Jiří went to Hotel School in Marienbad and later trained at the Grandhotel Pupp in Carlsbad, one of Europe’s most famous historic hotels. 

Sheffield – Jiří (George) Seidl passed away peacefully on Tuesday, April 26.  Born in Soběšín, a village in the Czech Republic, on May 5, 1930, he was the son of Eduard and Anna Seidl who ran a hotel and restaurant in the hunting lodge of a nearby castle. Jiří went to Hotel School in Marienbad and later trained at the Grandhotel Pupp in Carlsbad, one of Europe’s most famous historic hotels. 

As a young man, Jiří was involved in resistance work after the communist coup of February 1948. Forced to flee, he escaped across the border into West Germany where he became a member of the Civilian Guard at the US military base of Kaiserslautern. He told stories of shooting wild boar while standing guard through the night, protecting military installations. He later helped gather intelligence for a U.S. intelligence office in Munich, courageously traveling back and forth across the dangerous Czech border. That office later helped him emigrate to America. 

In New York city, Jiří found employment as a plane mechanic with TWA where he met his future wife, Gillian. (She passed away in 2017.) She had recently emigrated from Scotland and was a flight attendant for the airline From the get-go, they shared a great zest for life and a taste for adventure.  They married in 1961. Their home near the ocean on Long Island was always lively and productive, filled with animals, gardens, projects, and camping and fishing excursions with the three children.  When they later moved to the Berkshires, Jiří kept his job as manager for the TWA dining unit, a round-the-clock operation that prepared inflight meals, and commuted, keeping his fishing pole in the car.

“Life is beautiful,” Jiří would often say, up until the very end.   

George Seidl

A man of the earth, he gardened with deep intuition and love, growing every kind of vegetable, fruit trees, blueberries, strawberries, raspberries, currants. He would can dozens of jars of peach preserves, applesauce, and jams, and freeze vegetables to last the winter. Passing motorists would stop and gape at his fields of flowers. Dahlias, lupine, peonies, tulips. Every living thing responded to Jiří’s touch — people, animals, plants.  He was a nurturer; compassionate and generous. A phenomenal cook of European cuisine, he would serve six course Holiday meals to family, friends, and whoever stopped by who needed to be fed. His Christmas cookies were legendary. 

He built whatever the family needed: a beautiful massive stone and wood barn, an addition to the house, chicken coops, goat pens, wood sheds, a horse stall, a puppet theatre. He salvaged and rebuilt seventy broken theatre seats bound for a bonfire for his wife’s theatre, Mixed Company. He put up the pine ceiling. For Jiří, if something needed doing, he did it.  Fearlessly, confidently, and capably.  Nothing deterred him.

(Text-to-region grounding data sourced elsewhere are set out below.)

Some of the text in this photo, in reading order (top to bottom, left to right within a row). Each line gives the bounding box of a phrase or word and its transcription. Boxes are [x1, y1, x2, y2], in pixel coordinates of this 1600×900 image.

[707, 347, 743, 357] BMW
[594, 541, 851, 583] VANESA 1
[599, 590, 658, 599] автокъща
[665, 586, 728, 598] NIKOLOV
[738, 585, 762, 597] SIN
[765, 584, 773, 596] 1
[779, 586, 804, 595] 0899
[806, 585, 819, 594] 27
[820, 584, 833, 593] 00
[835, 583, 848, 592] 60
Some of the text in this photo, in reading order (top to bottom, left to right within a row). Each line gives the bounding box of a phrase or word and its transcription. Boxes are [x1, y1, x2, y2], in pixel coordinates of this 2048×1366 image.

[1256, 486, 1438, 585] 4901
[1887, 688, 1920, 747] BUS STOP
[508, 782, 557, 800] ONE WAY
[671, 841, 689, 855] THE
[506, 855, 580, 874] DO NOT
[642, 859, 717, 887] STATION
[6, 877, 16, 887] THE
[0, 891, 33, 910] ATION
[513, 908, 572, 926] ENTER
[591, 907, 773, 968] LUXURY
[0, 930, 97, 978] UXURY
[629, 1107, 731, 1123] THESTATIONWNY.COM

In his final week, headed for his 92nd birthday with the attendant aches and pains of old age, he was baking bread every day, planting fruit trees, a “Seek No Further” apple tree, his favorite, splitting wood, driving a tractor up the dirt road to visit a neighbor, picking daffodils for a visitor, taking time every day, as he always did, to sit outside with his face to the sun and do nothing. He even did nothing with passion. Wearing aviator sunglasses, he recently sat reclined in his plastic Adirondack chair by his garden on a sunny windy day with a friend. “This is heavenly,” said the friend, also reclined and looking around. “Delphinium heaven,” Jiří replied, gesturing back to the flower bed behind them where dozens of delphinium bulbs lay buried in the rich composted soil. In his mind, they were already blooming. For Jiří Seidl, who loved his family, his dogs, his home, and every manifestation of nature, life truly was beautiful.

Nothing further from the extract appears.